Strep A: Parents told to be vigilant after seventh child dies in UK | Streptococcus A

The UK government has urged parents to be vigilant for signs of a rare invasive form of strep A infection, after it was reported that a 12-year-old London schoolboy was the last person to die after contracted it.

Nadhim Zahawi, a cabinet minister, said that although most cases of strep A were mild, parents should be aware of the symptoms.

“It’s really important to be vigilant because in the very rare circumstances where it gets serious, then you need urgent treatment,” he told Sky News’ Sophy Ridge on Sunday. “In most cases it will be a mild case of strep, but it is highly contagious, so I think the important message to get across this morning is that parents need to watch out for symptoms, so fever, headache, rash.”

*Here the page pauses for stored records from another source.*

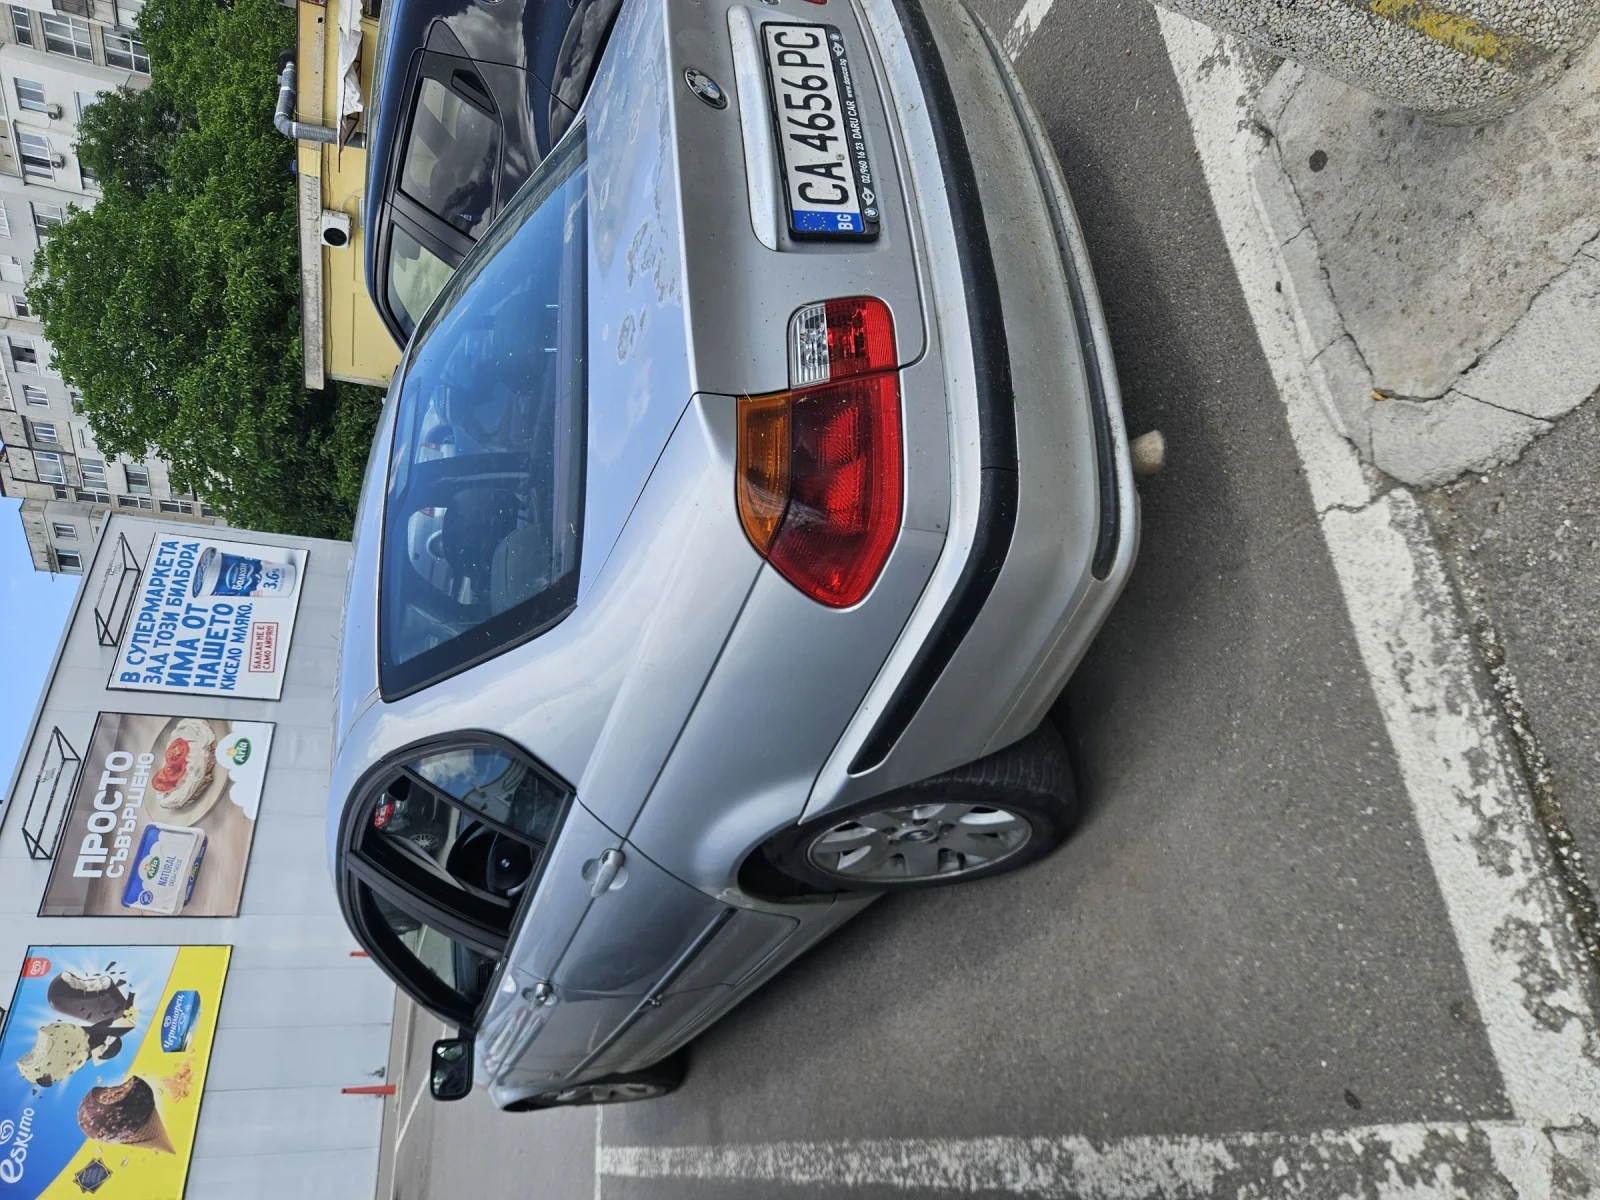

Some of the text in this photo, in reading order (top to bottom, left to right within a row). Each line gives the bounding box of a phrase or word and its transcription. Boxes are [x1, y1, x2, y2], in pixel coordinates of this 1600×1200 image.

[840, 59, 854, 98] www.darucar.bg
[846, 101, 856, 116] CAR
[849, 117, 862, 139] DARU
[855, 142, 864, 150] 23
[859, 161, 871, 183] 02/960
[838, 213, 853, 230] BG
[120, 541, 179, 682] В СУПЕРМАРКЕТА
[143, 543, 200, 684] ЗАД ТОЗИ БИЛБОРД
[182, 603, 207, 629] ОТ
[194, 603, 233, 687] НАШЕТО
[221, 603, 253, 690] КИСЕЛО МЛЯКО.
[253, 642, 263, 669] БАЛКАН
[166, 639, 200, 687] ИМА
[263, 651, 271, 669] САМО
[235, 742, 248, 762] Arla
[73, 751, 134, 878] ПРОСТО
[106, 752, 154, 878] СЪВЪРШЕНО
[148, 860, 158, 876] Arla
[158, 856, 176, 886] NATURAL
[163, 995, 184, 1048] Черноморец

It was reported on Saturday that a 12-year-old Year 8 pupil at a south London school had died after developing the infection, bringing the total death toll from the infection to seven.

The UK Health Security Agency (UKHSA) on Friday confirmed that six children under the age of 10 had died after contracting a strep A infection since September, as it issued a rare alert after a rise in cases across the country.

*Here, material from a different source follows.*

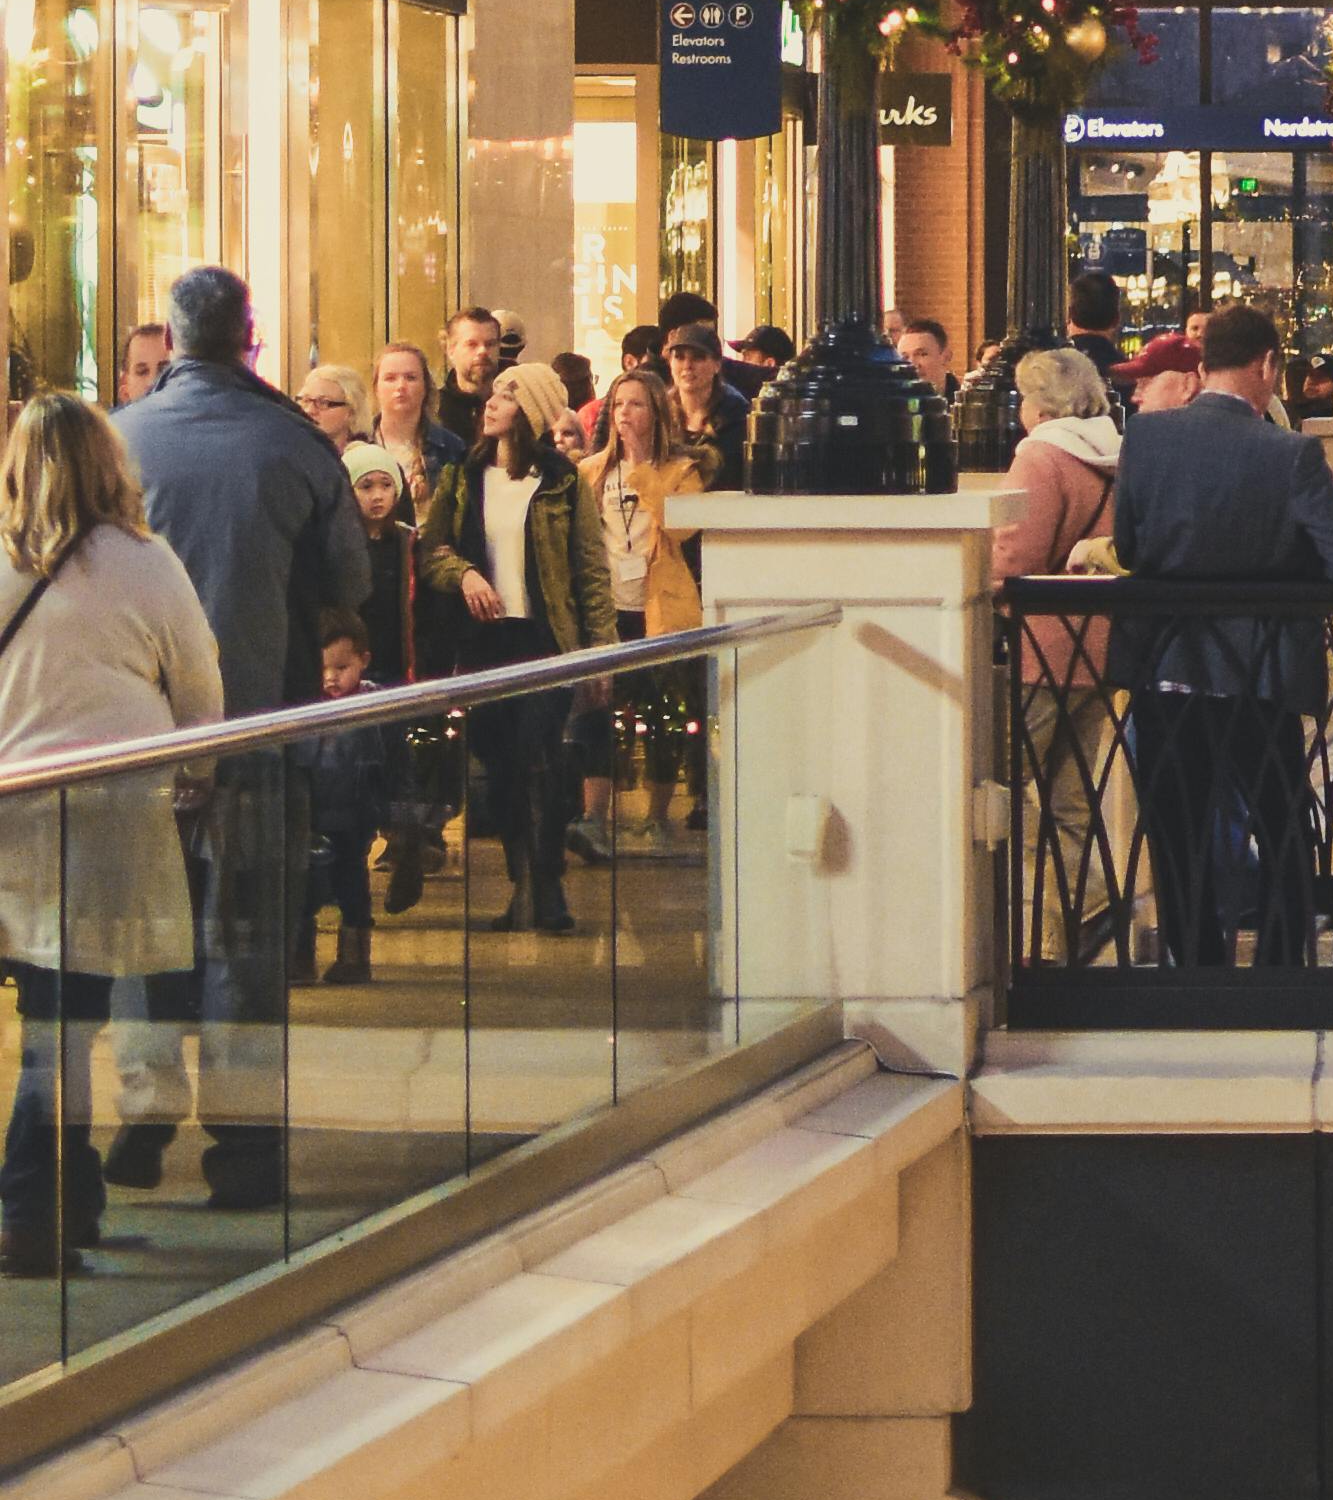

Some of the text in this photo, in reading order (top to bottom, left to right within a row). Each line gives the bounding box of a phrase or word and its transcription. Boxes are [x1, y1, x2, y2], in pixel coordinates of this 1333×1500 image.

[672, 33, 725, 47] Elevators
[671, 52, 732, 65] Restrooms
[1086, 116, 1165, 138] Elevators

Other confirmed child deaths after contracting the rare form of invasive infection include Muhammad Ibrahim Ali, four, from Buckinghamshire, who died in an ambulance en route to hospital.

His mother, Shabana Kousar, told Sky News her son first developed a red rash on his lower back which was helped by a course of antibiotics, but two weeks later his condition improved. is aggravated and he has developed stomach pains. After his death, an autopsy showed he had strep A in his blood.

“I think parents should be made aware of the symptoms and act accordingly if their child experiences something similar,” she said.

Four-year-old Camila Rose Burns has been on a ventilator at Alder Hey Children’s Hospital in Liverpool since Monday after contracting strep A.

Strep A bacteria can cause many health problems, most of which are mild. They can include scarlet fever and, very rarely, invasive group A streptococcal disease (iSGA).

The latest data from the UKHSA showed that rates of scarlet fever and iGAS are two to three times higher than at the same time of year before the pandemic, with cases occurring earlier in the year.

During the week of November 14-20, 851 cases of scarlet fever were reported, compared to an average of 186 for the same period in previous years.

The UKHSA said there was no evidence that a new strain of Strep A was circulating, and the increase was most likely due to large amounts of bacteria in circulation and social mixing.

Dr Helen Salisbury, a GP at Oxford, said while each death was a tragedy, the situation was not new. “There have always been, unfortunately, cases of invasive group A strep. I think there were four child deaths in 2019,” she said. “He was always there [but] it is sometimes worse.

Salisbury said it was inevitable that GPs would face an increase in the number of parents bringing their children due to Strep A problems, and that there were difficulties for GPs in identifying children who might be develop an invasive infection.

“From a parent’s perspective, it must be really scary. How do you know if that sore throat is just an ordinary or garden sore throat, or if it’s a prelude to something really serious? And I think it’s quite difficult for parents and to some extent for GPs as well,” she said.

“Even if you had all the time in the world and weren’t in a rush or rush, it’s still hard to tell which child is going to get sick.”

She said parents should look for symptoms that indicate an invasive infection is developing, such as a continued high temperature, lethargy or weakness, not eating or drinking as usual, and lack of urine.

Salisbury also stressed that parents should be able to return to their GP if the child’s condition deteriorates. She expressed concern that this did not always happen.

“I know there are places where they’re really, really short of GPs and it’s hard to get an appointment,” she said. “We are chronically under-doctored long-term in general medicine, and when something serious makes the news like this, it really makes it clear.”